▸ **What to work on**
Word for word, retype the lines from the one containing "Some of the words" to the last line of the data below, both ends included.

▸ **Information**
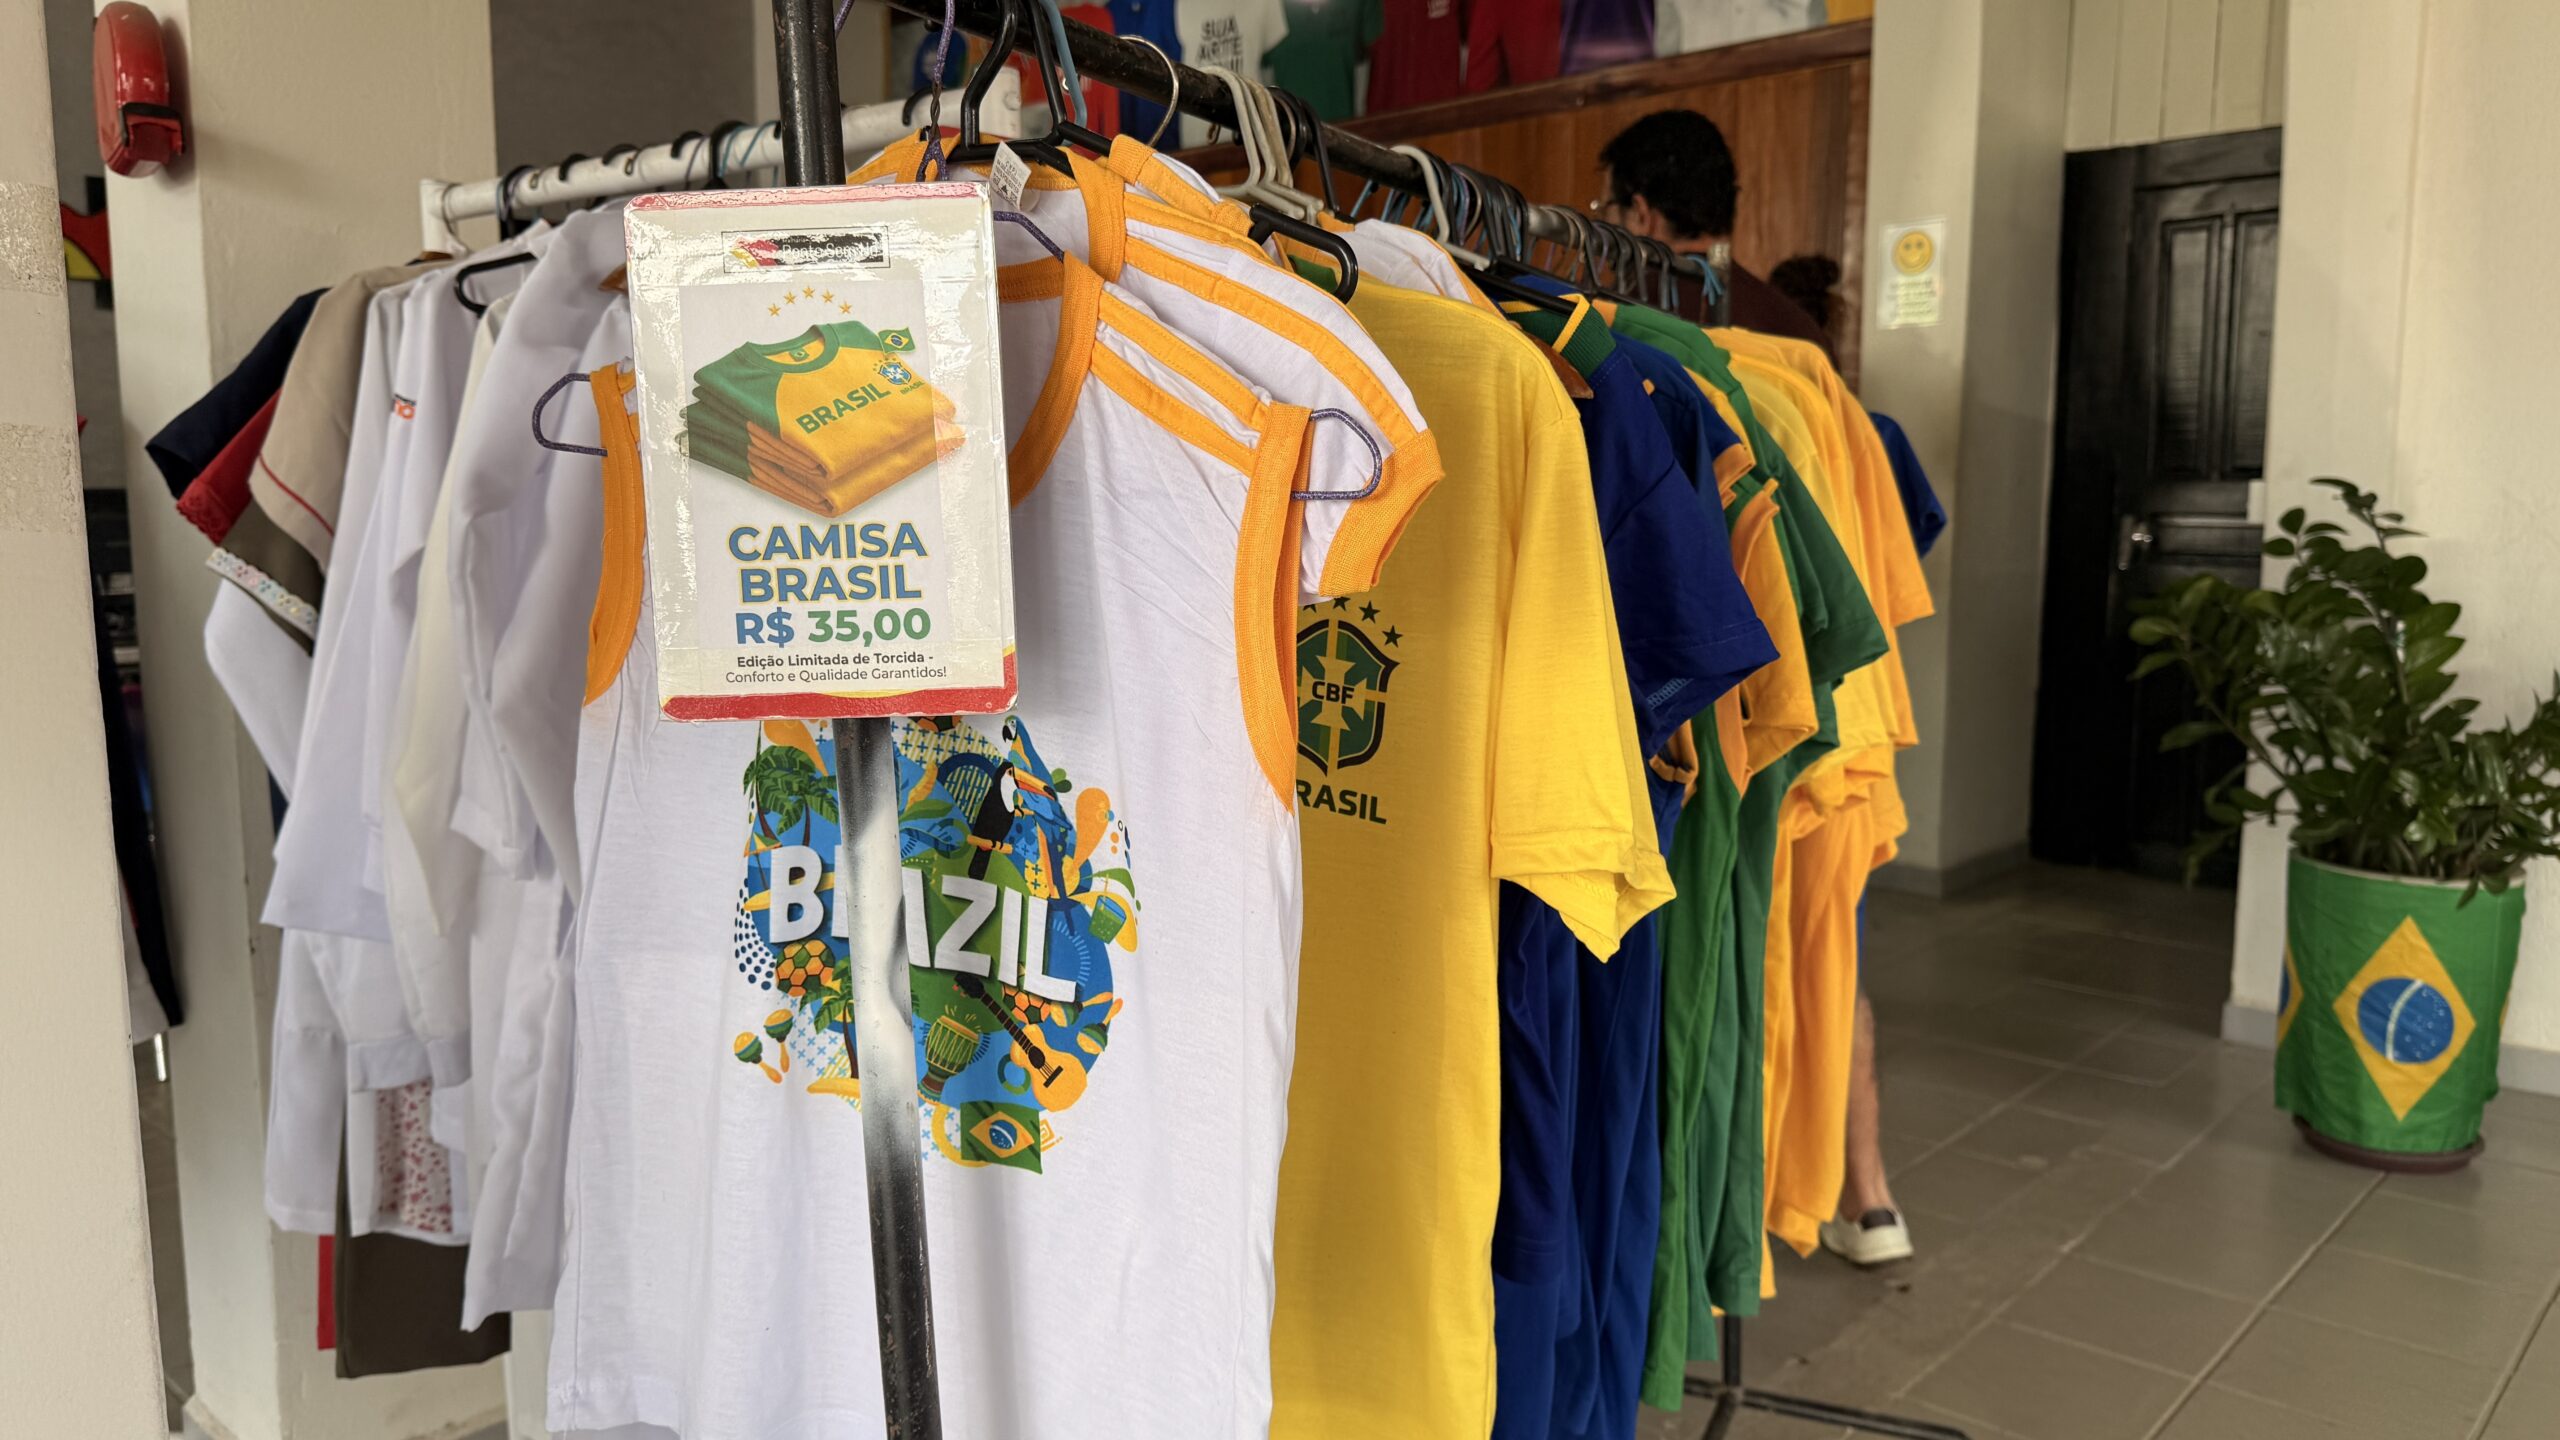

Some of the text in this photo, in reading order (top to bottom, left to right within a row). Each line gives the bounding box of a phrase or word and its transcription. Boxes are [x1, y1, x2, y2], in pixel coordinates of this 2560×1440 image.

[1202, 15, 1239, 41] SUA
[1196, 37, 1243, 63] ARTE
[796, 383, 892, 434] BRASIL
[728, 522, 929, 562] CAMISA
[740, 564, 923, 603] BRASIL
[735, 607, 931, 648] R$ 35,00
[725, 665, 947, 683] Conforto e Qualidade Garantidos!
[737, 656, 784, 670] Edição
[788, 654, 849, 667] Limitada
[853, 653, 870, 665] de
[874, 652, 924, 664] Torcida
[1312, 681, 1355, 704] CBF
[1296, 779, 1387, 825] RASIL
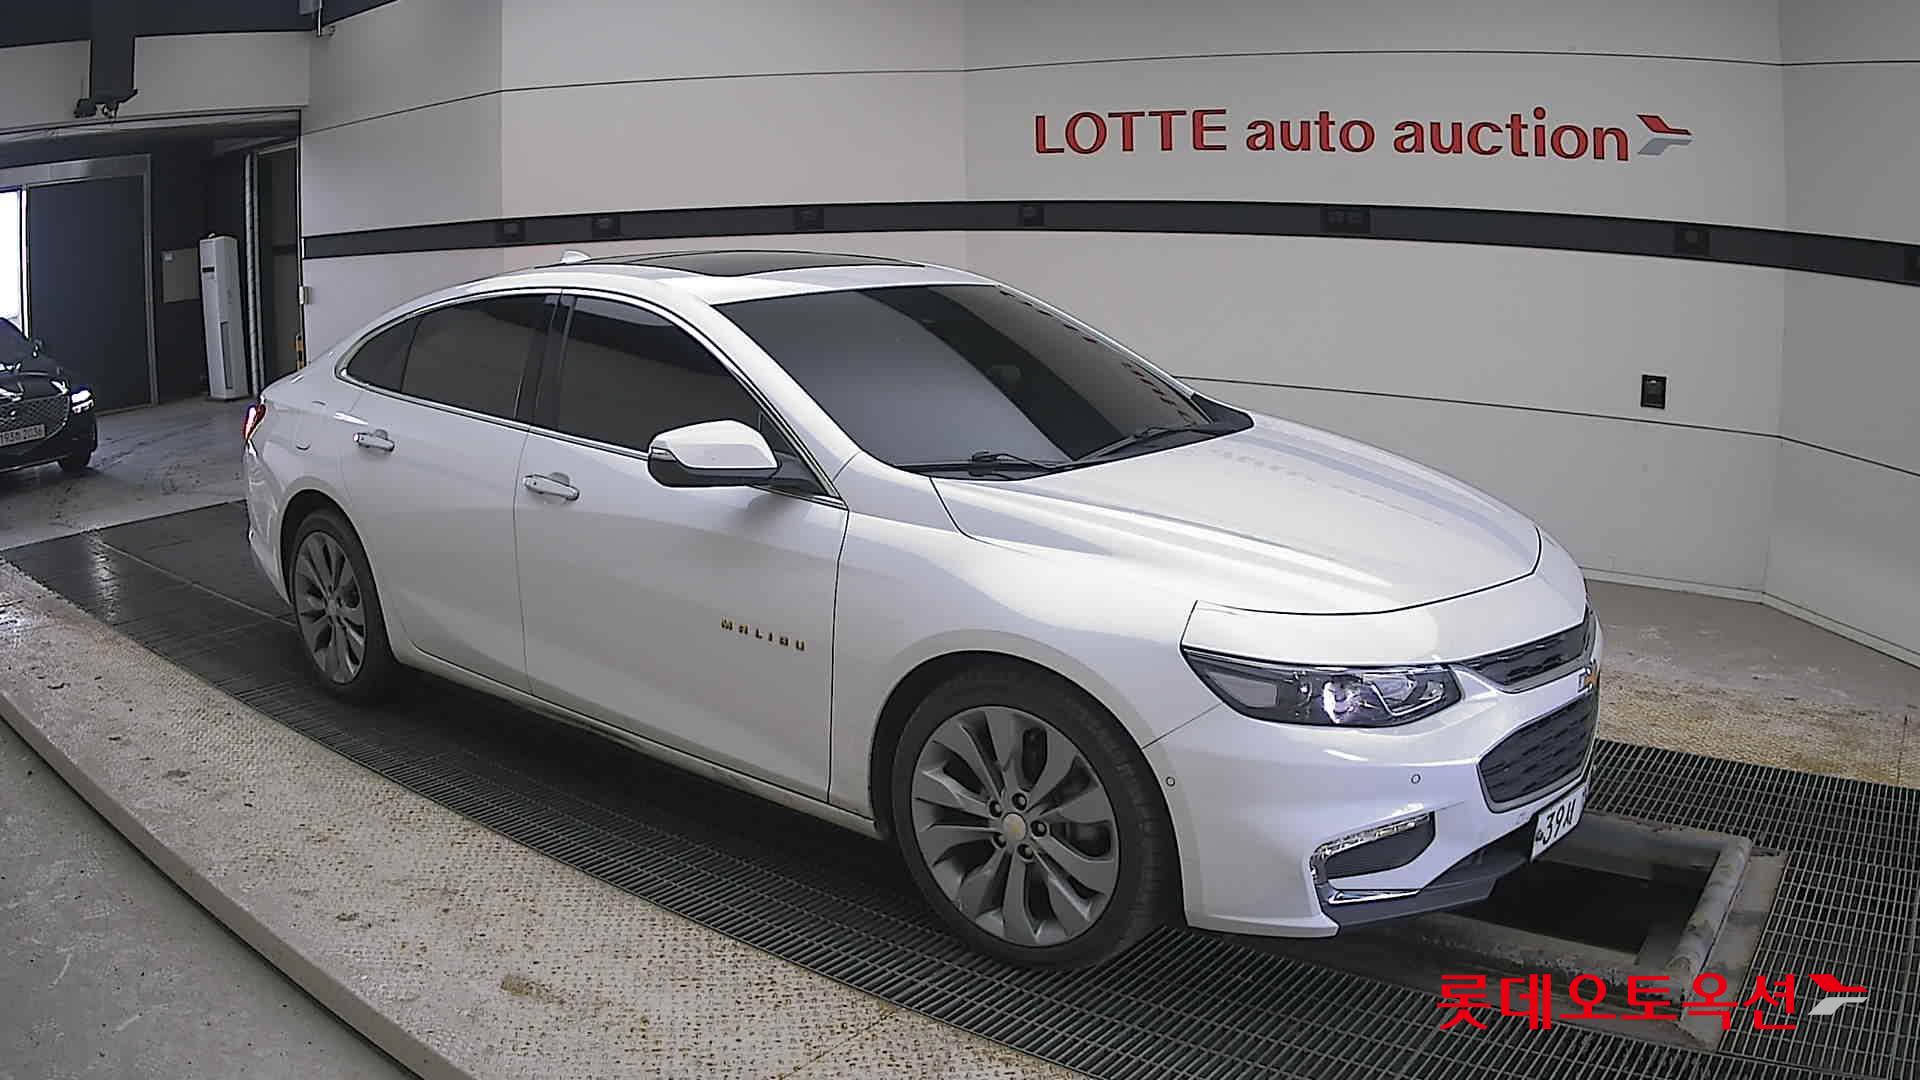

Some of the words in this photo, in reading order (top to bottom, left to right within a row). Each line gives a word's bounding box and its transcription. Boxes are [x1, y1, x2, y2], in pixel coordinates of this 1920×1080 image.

[1035, 109, 1227, 154] LOTTE
[1247, 113, 1376, 152] auto
[1394, 107, 1629, 160] auction
[721, 616, 805, 651] MALIBU

▸ **Answer to this problem**
Some of the words in this photo, in reading order (top to bottom, left to right within a row). Each line gives a word's bounding box and its transcription. Boxes are [x1, y1, x2, y2], in pixel coordinates of this 1920×1080 image.

[1035, 109, 1227, 154] LOTTE
[1247, 113, 1376, 152] auto
[1394, 107, 1629, 160] auction
[721, 616, 805, 651] MALIBU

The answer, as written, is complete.